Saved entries
• • • • • • •
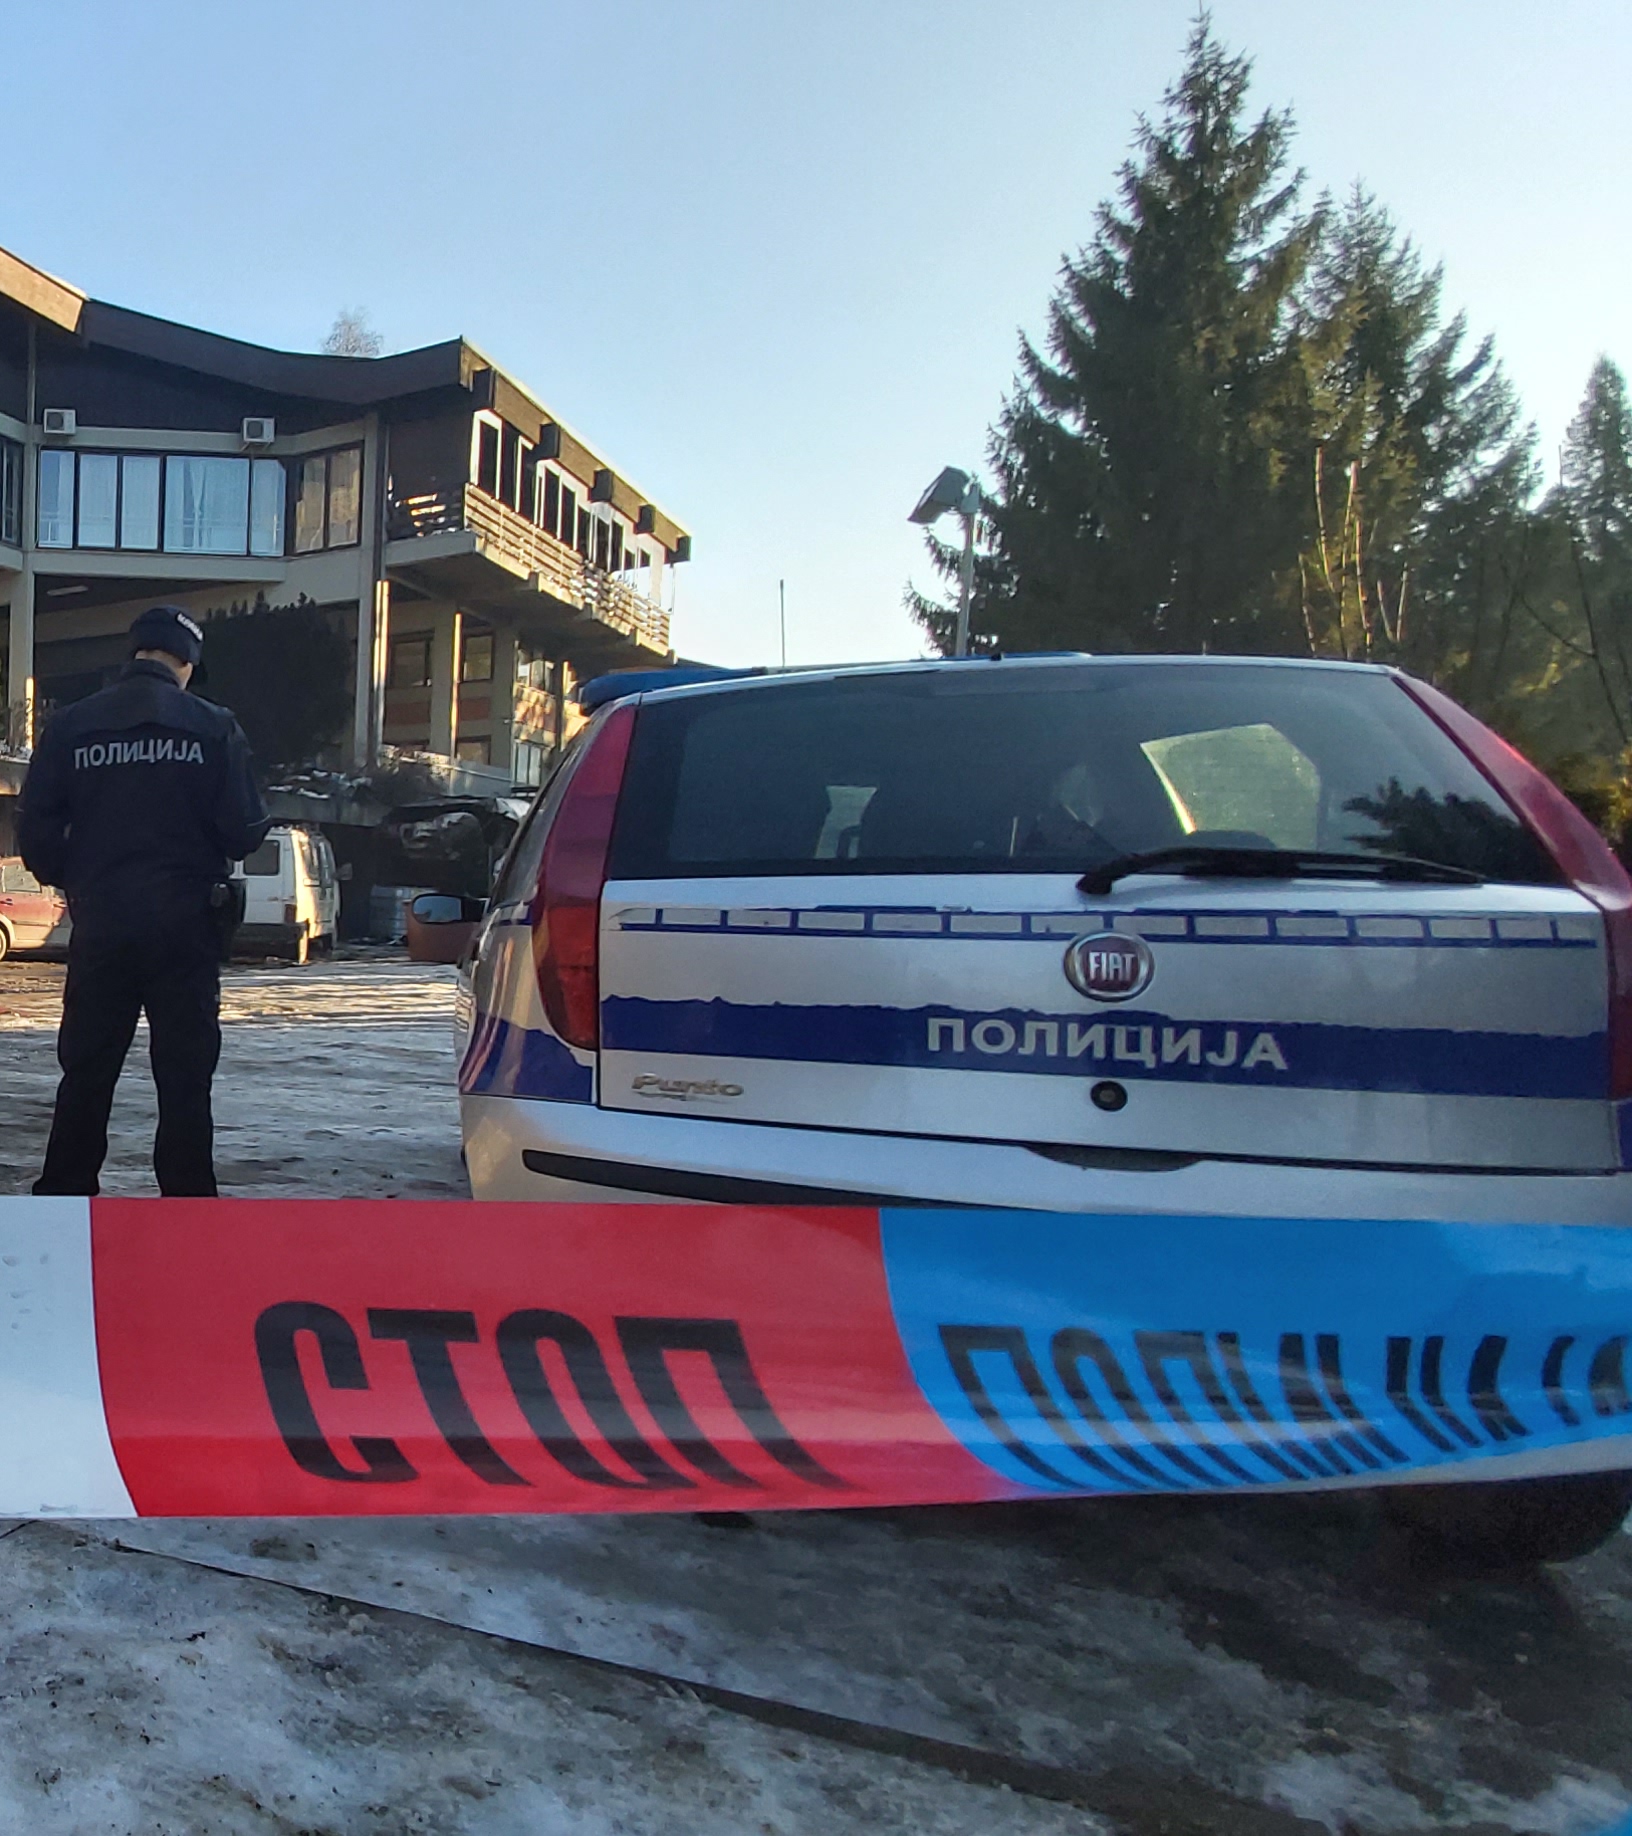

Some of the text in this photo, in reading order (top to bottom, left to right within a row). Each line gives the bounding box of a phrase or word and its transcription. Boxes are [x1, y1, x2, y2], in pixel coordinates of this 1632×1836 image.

[74, 738, 204, 770] ПОЛИЦИЈА
[1088, 951, 1136, 981] FIAT
[927, 1017, 1289, 1070] ПОЛИЦИЈА
[631, 1074, 744, 1097] Punto
[254, 1300, 860, 1492] СТОП
• • • • • • •
Give back each entry verbatim but drop its pictures.

SOLUTION TO THIS PROBLEM:
Some of the text in this photo, in reading order (top to bottom, left to right within a row). Each line gives the bounding box of a phrase or word and its transcription. Boxes are [x1, y1, x2, y2], in pixel coordinates of this 1632×1836 image.

[74, 738, 204, 770] ПОЛИЦИЈА
[1088, 951, 1136, 981] FIAT
[927, 1017, 1289, 1070] ПОЛИЦИЈА
[631, 1074, 744, 1097] Punto
[254, 1300, 860, 1492] СТОП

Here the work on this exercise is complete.